WHEREAS, as of the Effective Date, the Company will terminate the employment of Consultant, thereby triggering the requirement that the Company make the payments to Consultant provided in Section 5 of that certain Severance Agreement between the Company and Consultant, dated May 4, 1999; and
WHEREAS, prior to the Effective Date, consultant was the owner of shares of the common stock of the Company that had a significant value in connection with the transactions contemplated by the Merger Agreement (the “Merger”); and
WHEREAS, notwithstanding such termination, the Company believes that Consultant’s expertise and knowledge will enhance the Company’s business following the Merger; and
WHEREAS, the Company wishes to retain Consultant to perform consulting services and fulfill certain related duties and obligations under the terms and conditions of this Agreement, commencing on the Effective Date; and
NOW, THEREFORE, in consideration of (a) the mutual covenants and agreements set forth in this Agreement, and (b) other good and valuable consideration, the receipt and adequacy of which are hereby acknowledged, the parties hereto agree as follows:
1. Consulting Services.
(a) Capacity. The Company hereby retains Consultant on a non-exclusive basis with respect to the business of the Company and its affiliates for the purpose of, among other things, providing advice and assistance on operational issues relevant to his operational expertise, advice and guidance on administrative matters (such as finance, accounting, information technology, and risk management), advice on obtaining operational and administrative synergies, and the benefit of his institutional memory and knowledge. Consultant hereby accepts such position upon the terms and the conditions set forth herein, and shall perform such duties as may be mutually agreed upon by the President of the Company and Consultant, provided that Consultant shall make himself available in any event to provide consulting services on a substantially full-time basis for the first six (6) months following the Effective Date, and for such time commitment as may be mutually agreed upon by the parties for later periods. The Company may request consulting services from Consultant during the term of this Agreement consistent with Consultant’s time commitment set forth in the preceding sentence.
(b) Term and Operation. This Agreement will commence on the Effective Date and shall continue until, and shall end upon, the date that is six (6) months after the Effective Date, or such later date as is agreed to by the parties. This Agreement will terminate automatically on the death of Consultant.

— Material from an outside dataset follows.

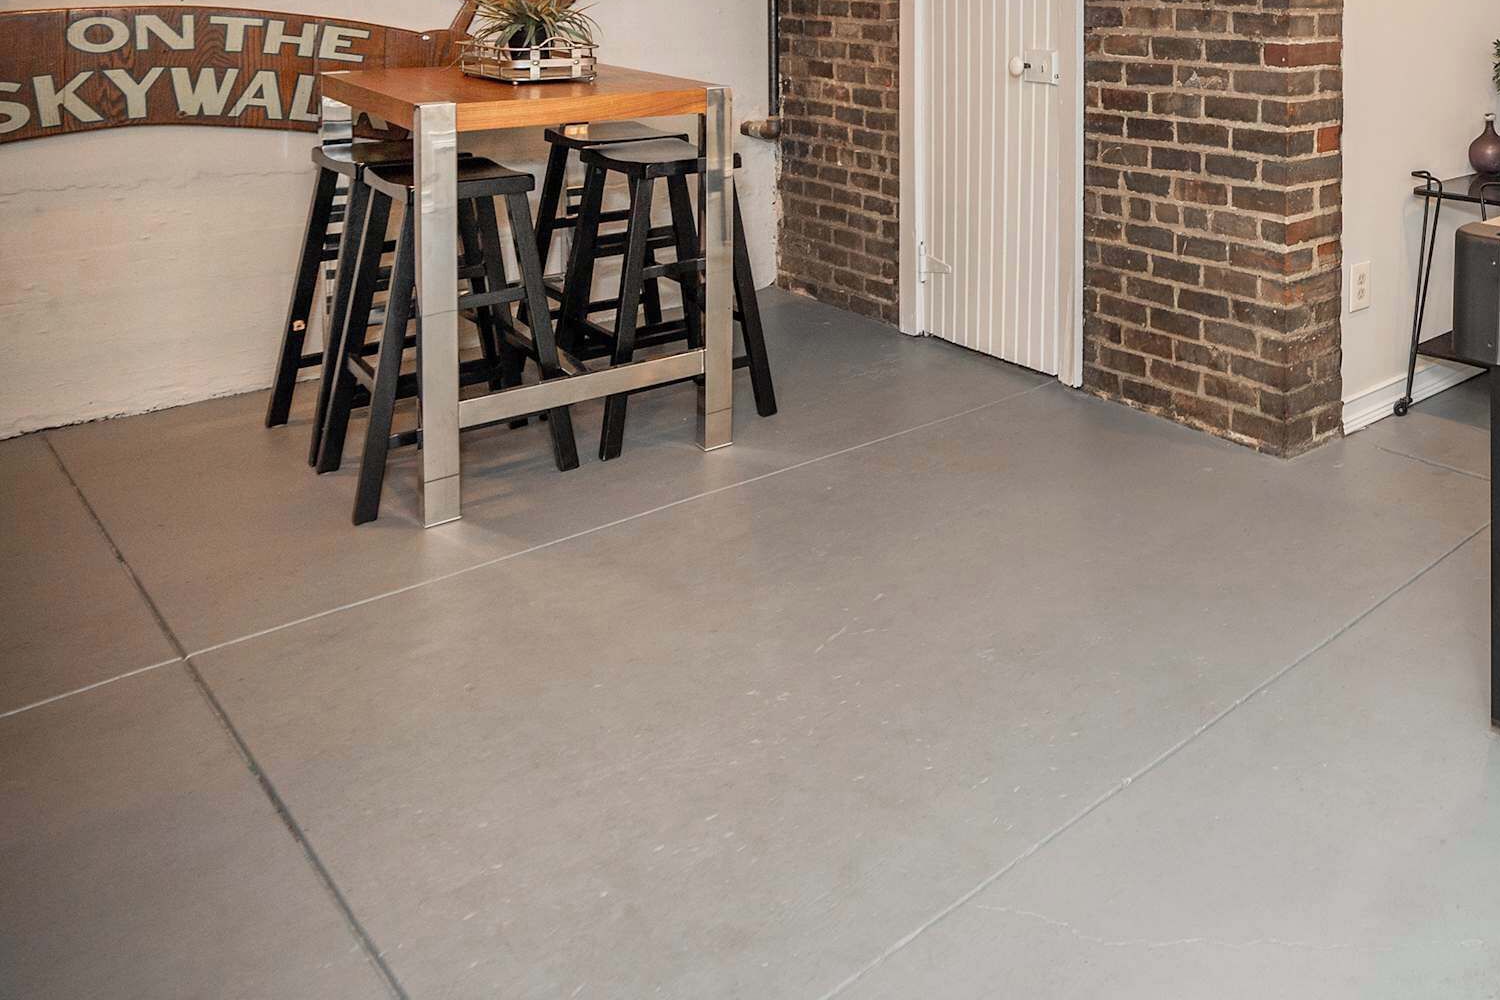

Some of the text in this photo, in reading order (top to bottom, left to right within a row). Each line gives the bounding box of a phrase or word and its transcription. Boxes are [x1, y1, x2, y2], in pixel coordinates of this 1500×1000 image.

(c) Compensation. In consideration of his performance of the consulting services, during the first six months following the Effective Date the Company will reimburse Consultant for such amount that Consultant pays for continuation of Consultant’s coverage under the Company’s group health plan following the Effective Date and will make a monthly payment to Consultant (on or before the fifth business day after the end of each month) in an amount equal to $41,000, and for any remaining period for which the parties agree to extend this Agreement, the Company will pay Consultant $2,460 for each day of consulting services provided by Consultant.
(d) Reimbursement of Expenses. The Company shall reimburse Consultant for all reasonable expenses incurred by Consultant in the performance of his duties under this Agreement. Consultant shall not be obligated to make any advance to or for the account of the Company, nor shall Consultant be obligated to incur any expense for the account of the Company without assurance that the necessary funds for the discharge of such expense will be provided. Notwithstanding the foregoing, all significant expenses to be incurred by Consultant in connection with this Agreement shall require the prior approval of the President of the Company.
2. Competitive Activity; Confidentiality; Nonsolicitation.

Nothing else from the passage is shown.